Wednesday, January 19, 2011

Opting Back In

Last week’s article in Salon by Katy Read about the flip side of “opting out” of the workforce struck a chord with me.

The world was different when The Wife dropped out of the paid workforce in 2004.

When she made the decision to stay home full-time, The Boy was three, and The Girl had just been born. TW was already on a reduced-hours schedule, having gone to 30 hours when TB was born. TB’s daycare alone was over $250 a week, and that was seven years ago. We realized that with both kids in daycare, her entire paycheck would have gone to daycare, and we didn’t see much point in that. We both wanted to see the kids more than the dual-career shuffle would have allowed -- we had several years’ experience of that with TB -- and she wasn’t happy in her job anyway. So she dropped out of the paid workforce, taking her MBA and her experience off the market to give the kids the attention we both wanted them to have.

The plan was that she would stay home until TG was in school; at that point, she’d find something part-time. As the kids got older, she could ramp back up at work.

Then, shortly before The Girl started school, the economy had a meltdown.

Opting back in is proving much harder than we anticipated.

Part of it is the way that the public schools around here do their schedules. Beyond the obvious question of summers -- what do dual-career couples with young kids do in July? -- there’s a panoply of half-days, quirky holidays, and random breaks throughout the year. (And that’s not even counting the “sick kid” days or snow days that throw dual-career schedules into chaos.) The schools clearly assume that there’s a parent at home; when there isn’t, you’re suddenly doing some high-stakes juggling.

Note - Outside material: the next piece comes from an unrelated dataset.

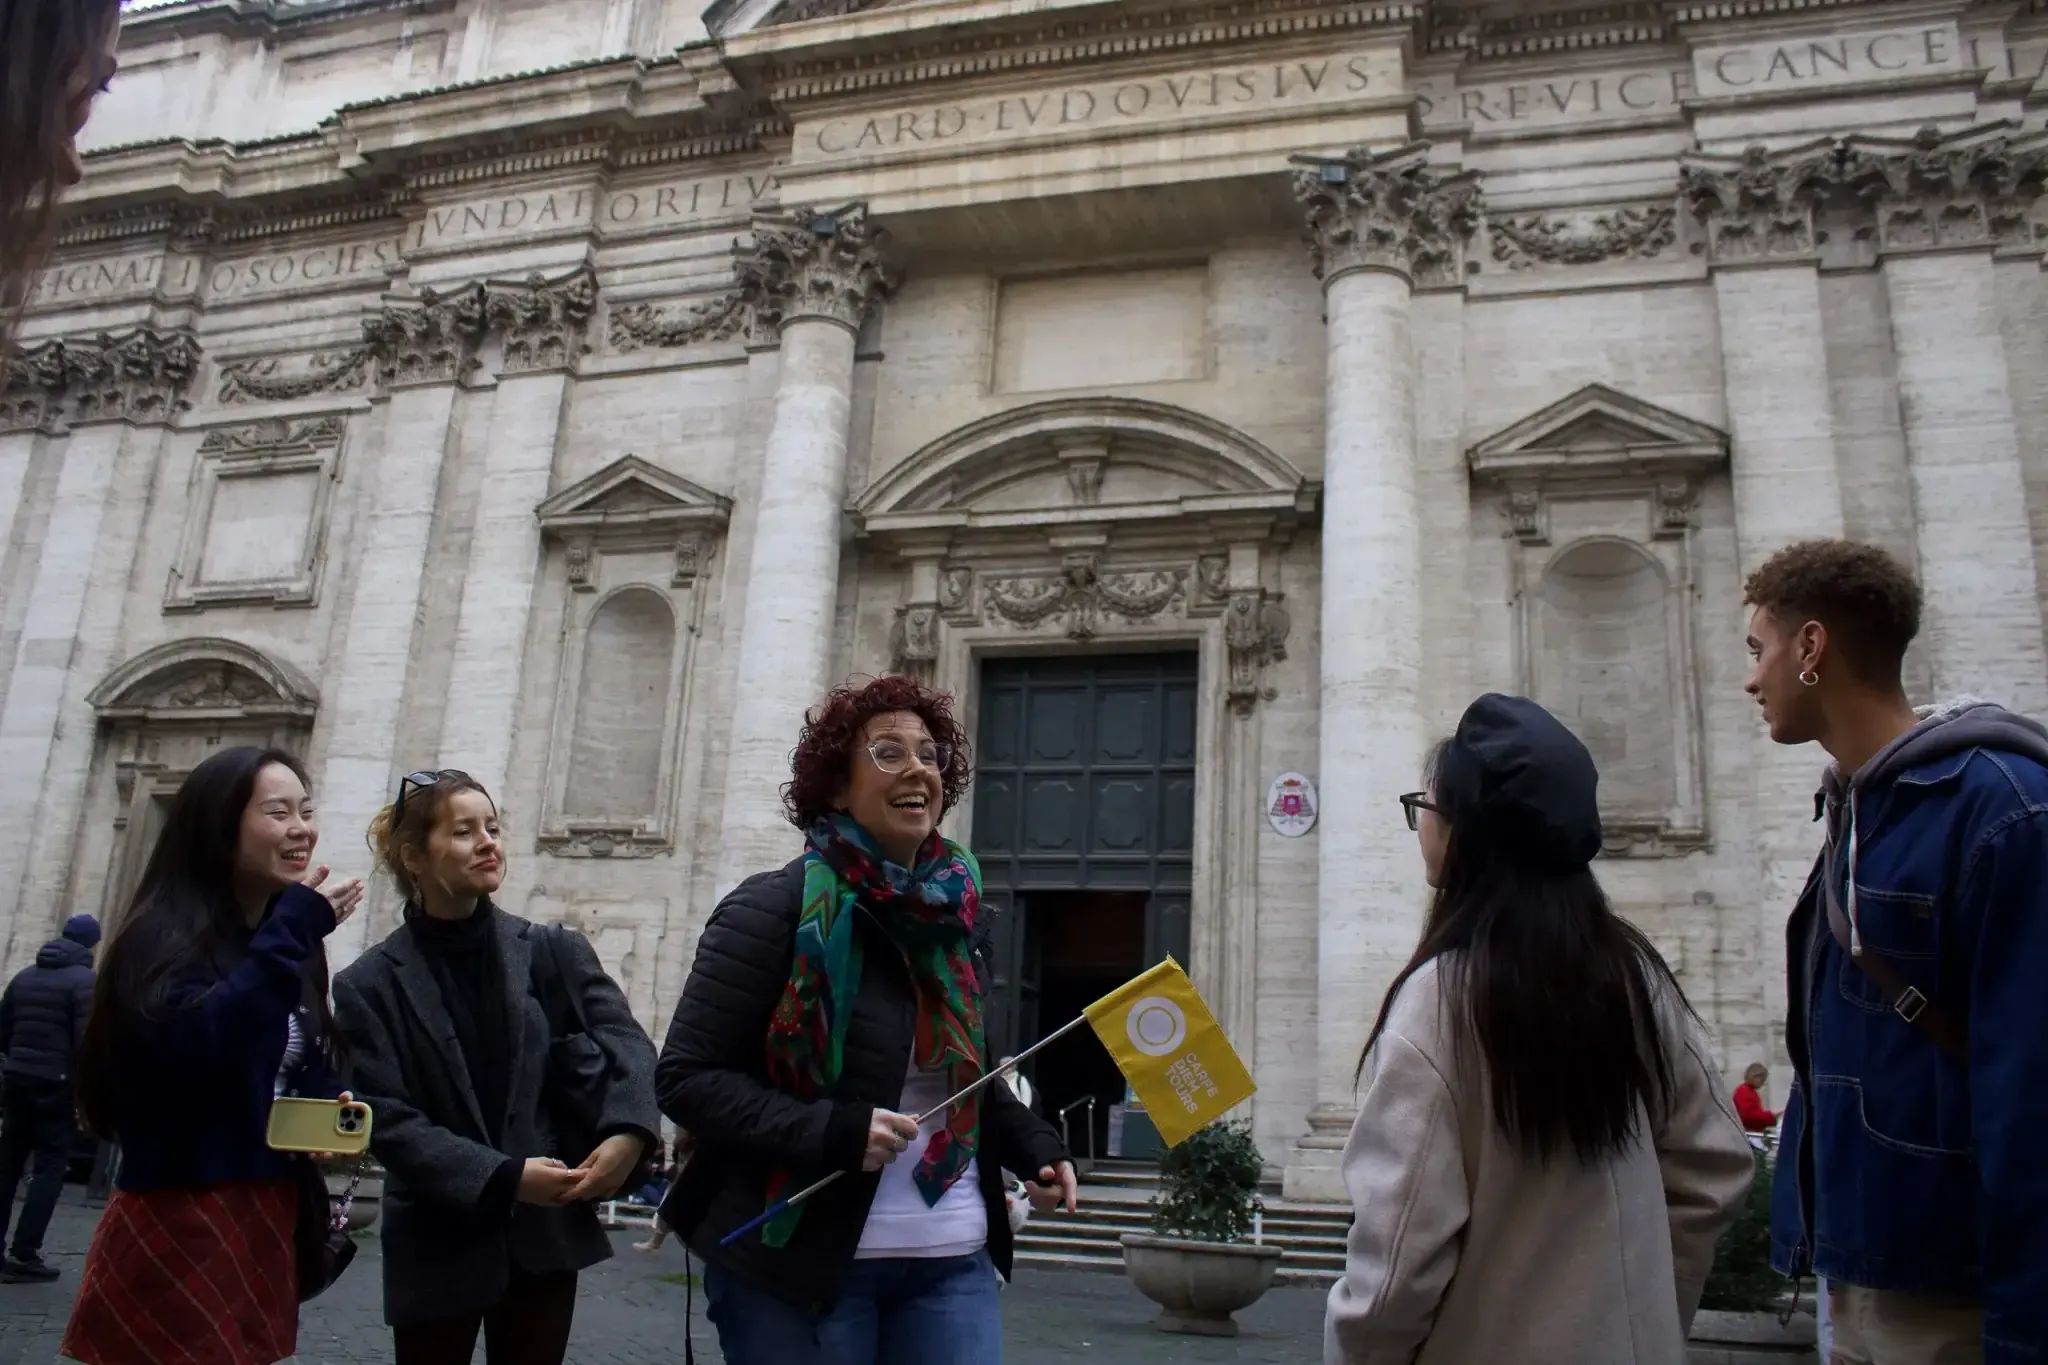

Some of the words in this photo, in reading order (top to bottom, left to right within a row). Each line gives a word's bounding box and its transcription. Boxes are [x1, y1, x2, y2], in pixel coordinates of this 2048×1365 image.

[1165, 1065, 1198, 1114] TOURS
[1174, 1058, 1200, 1093] DIEM
[1187, 1053, 1219, 1097] CARPE

Worse, the few local employers who have shown signs of life have apparently been burned by Moms before. At one interview last Fall -- a very small business -- the interviewer told her point-blank that they’d grown weary of trying to accommodate the school/Mom emergencies the last woman had, and that they had no interest in going through that again. That was the end of that.

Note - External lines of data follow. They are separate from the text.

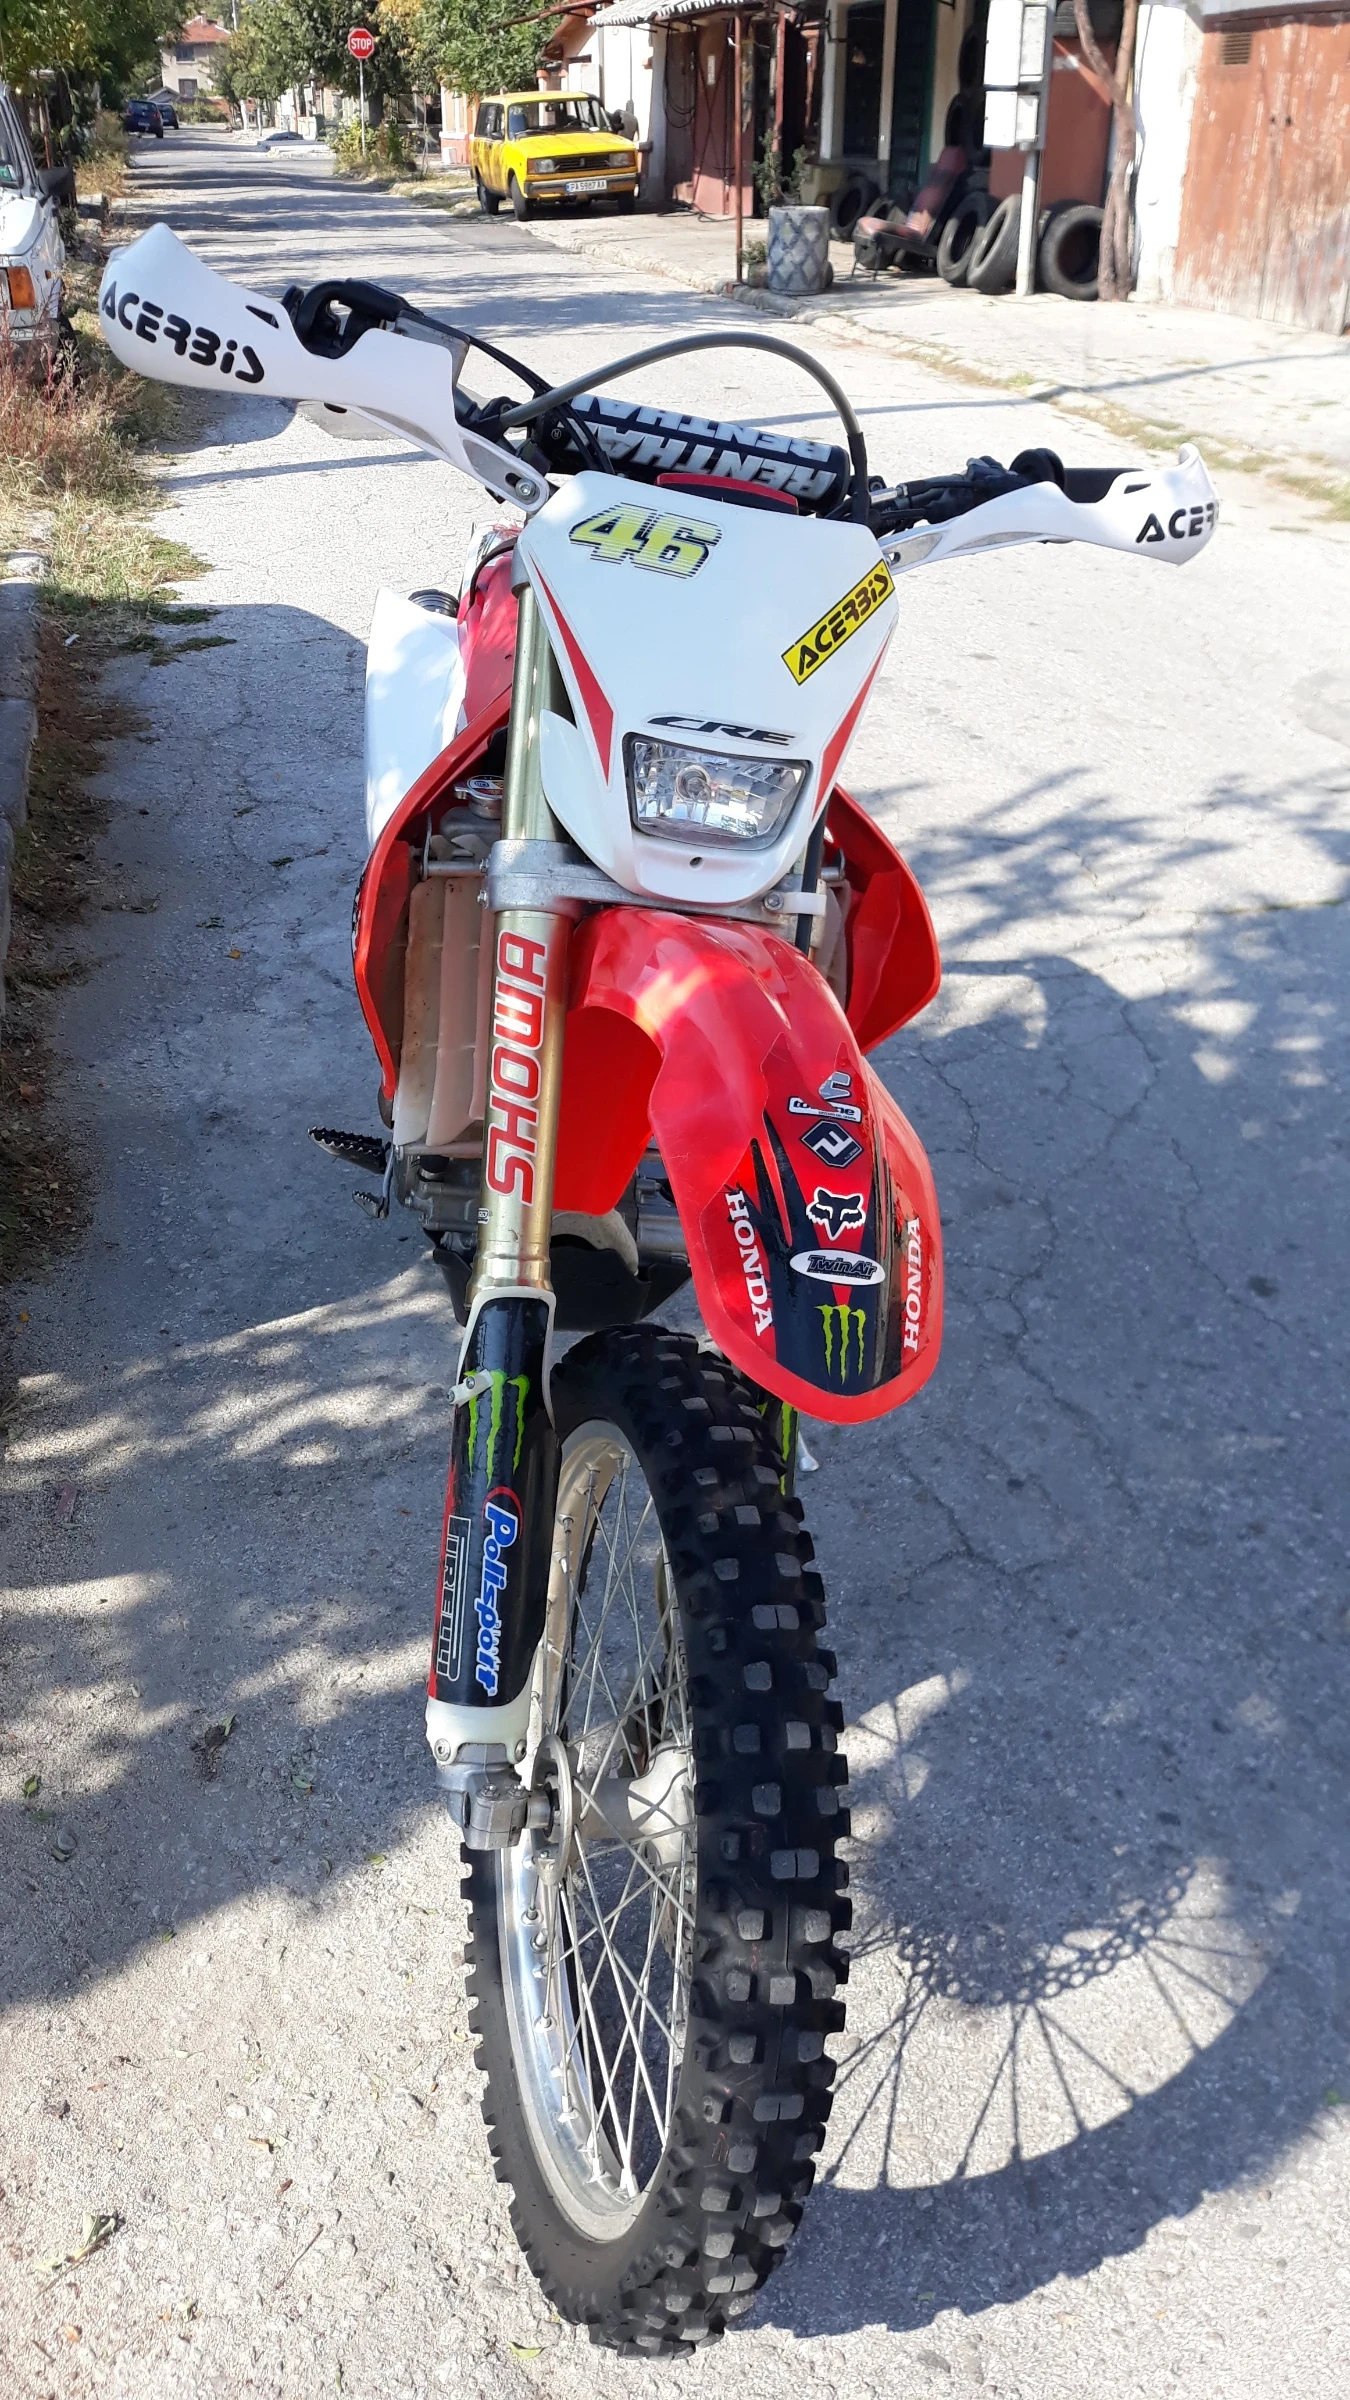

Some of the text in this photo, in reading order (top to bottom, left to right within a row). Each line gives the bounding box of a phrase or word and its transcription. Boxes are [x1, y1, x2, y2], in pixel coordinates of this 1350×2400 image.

[351, 37, 372, 50] STOP
[568, 501, 724, 580] 46
[1135, 502, 1219, 544] ACER
[647, 715, 796, 747] CRE
[486, 929, 548, 1207] SHOWA
[725, 1190, 774, 1337] HONDA
[904, 1216, 921, 1353] HONDA
[436, 1514, 472, 1682] PIRELLI
[474, 1502, 518, 1694] Polisport

My job allows for occasional forays -- I’ve made every “lunch with the parents” event -- and a few days off, but it’s not part-time. Depending on the time of year, sometimes it’s more than full-time. I don’t have the summers at home that faculty have, or the freedom to leave at 3:00 on a regular basis. It’s a twelve-month, five-day-a-week office job, with some weekends and some travel. Since pay doesn’t scale on a linear basis with hours -- there’s a quantum leap from part-time to full-time, as any adjunct knows -- the only way to provide reasonable income for the family is to have at least one person work full-time. Two part-time positions add up to less than one full-time one financially, so “just split everything evenly” is not a realistic division of labor. Instead, we have to specialize.

But we’re finding that what felt like an open invitation to return has been cancelled. Even with her credentials and experience, TW hasn’t had a single offer, even for a part-time position.

The economy is not designed for parents.

The kids have had a level of attention that I wish more kids had. They’re great kids, and I’m glad they’ve had that. But we always assumed that when the time came, TW could return in some capacity as the educated professional that she is. Apparently, not.

Any younger couples reading this should probably know that opting back in is a lot harder than it should be. I don’t know that we would have done anything differently, but it’s certainly a cold splash of reality.